Neatline’s example of this map is the 1893 edition, among the earliest examples available on the market. It is, in essence, the ‘original state’ upon which all the later editions of this well-known plan were constructed. It was likely published as an appendix to the municipal report “Twenty-Second Annual Report of the Board of Park Commissioners of San Francisco” since it was in this annual report that later editions of the same map were issued. That this is indeed the source of the map is corroborated by the fact that Buena Vista, Golden Gate, and Mountain Lake were the only three San Francisco parks that fell under the jurisdiction of the Board of Park Commissioners prior to the new charter of 1897.
The map is horizontally oblong, measuring 53 by 10 inches, and shows the park in its entirety: from D Street and Fulton in the north to H Street in the south; and from Baker Street in the east to the Pacific coast in the west. In the more built-up eastern end of the park, we find some of the institutions that still adorn it today, including the Conservatory of Flowers, the John Abram Garfield Monument, and the ballpark that eventually would become Kezar Stadium. The nursery shown in the same area was moved further into the park after the construction of the first Kezar Stadium in the 1920s.
On the northern and southern sides of the park, the map includes a single block of housing; on the eastern fringe of the park, a considerable part of Haight Ashbury has been included to show the full pathway system of the Panhandle. In general, the Panhandle is not the only historic landscape feature included outside of the main park. In the lower right corner of the map, we also find the oldest public park in San Francisco.
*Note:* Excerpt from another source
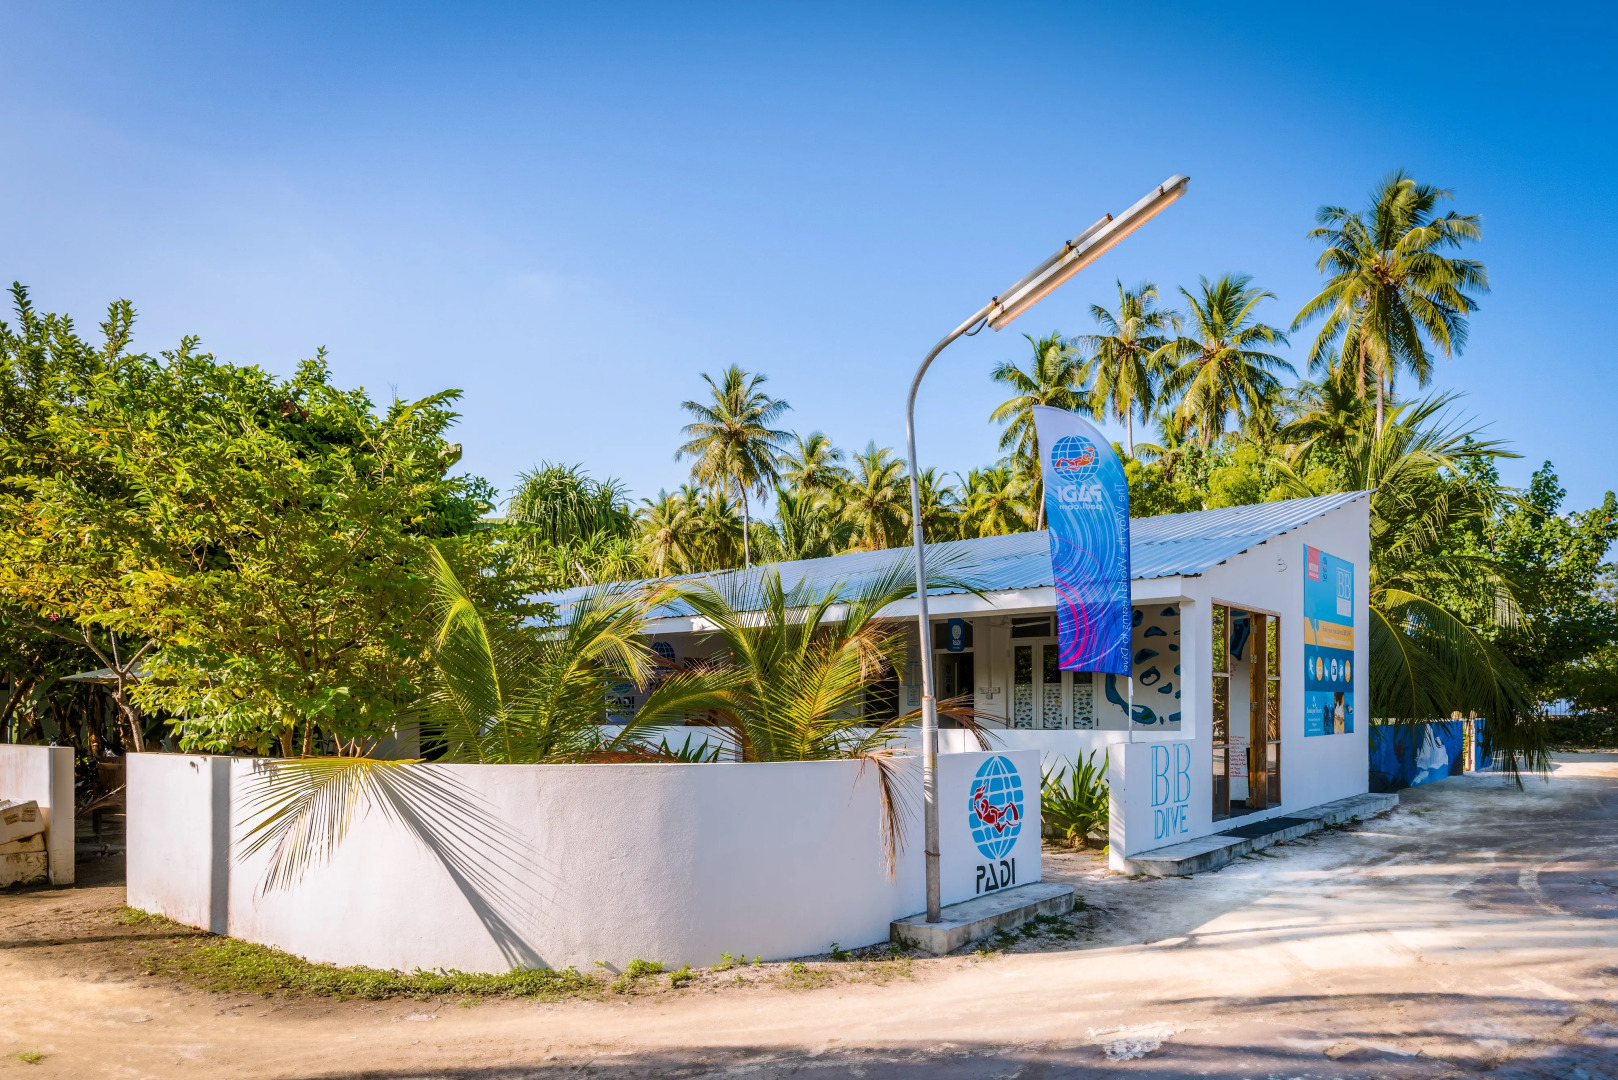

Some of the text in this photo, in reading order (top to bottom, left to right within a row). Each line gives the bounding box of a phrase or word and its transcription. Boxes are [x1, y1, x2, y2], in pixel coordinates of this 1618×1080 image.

[1151, 743, 1191, 807] BB
[1154, 804, 1189, 840] DIVE
[976, 857, 1016, 894] PADI
Established in 1867 as the Hill Park, this green oasis was later renamed Buena Vista due to its elevation and the spectacular views of the city and bay that this created.
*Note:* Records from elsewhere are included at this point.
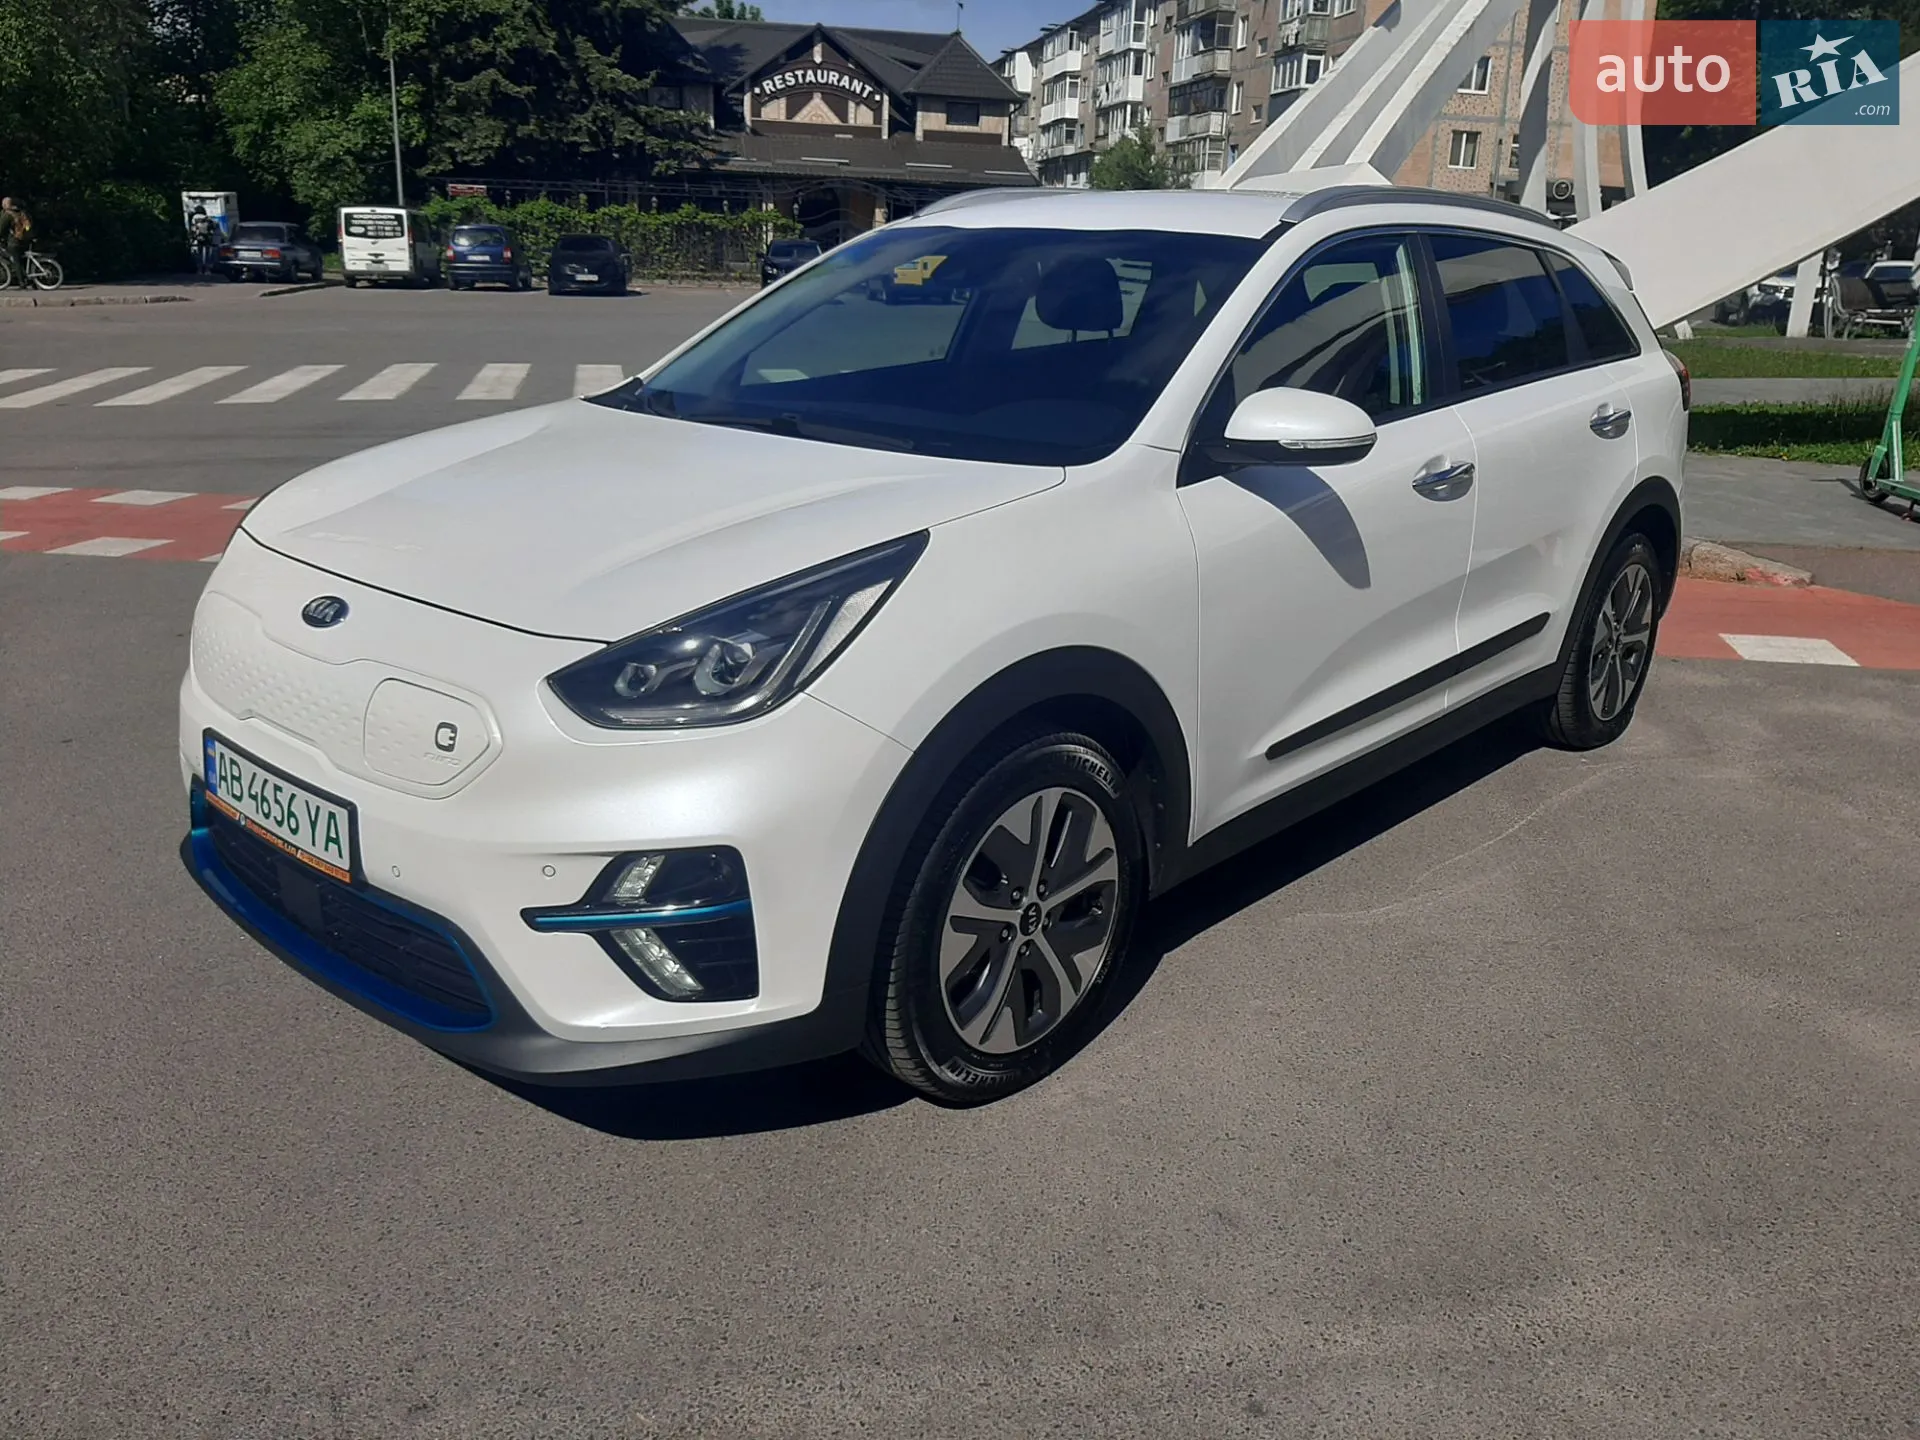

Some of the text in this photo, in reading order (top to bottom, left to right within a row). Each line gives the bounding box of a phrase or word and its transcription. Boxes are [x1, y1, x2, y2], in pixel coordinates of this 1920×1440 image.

[762, 69, 873, 98] RESTAURANT
[304, 598, 341, 623] KIA
[218, 752, 244, 803] AB
[247, 772, 300, 836] 4656
[305, 799, 344, 860] YA
In general, this map speaks to us about San Francisco’s exciting historical development from a small frontier town to a locus for some of the most significant strides in American culture and technology throughout the 20th (and 21st) century. The cartographers make this progress evident with each new state of this map. Thus, while it may seem obscure to the uninitiated, this wonderful chart is a testimonial from the past, telling us that even in a dynamic city like San Francisco, where changes are ubiquitous and constant, not everything is in as continuous flux as we might believe. We can look at this map and see not only the many changes but also how much has stayed the same.
Professionally backed for stability and strength. Very good.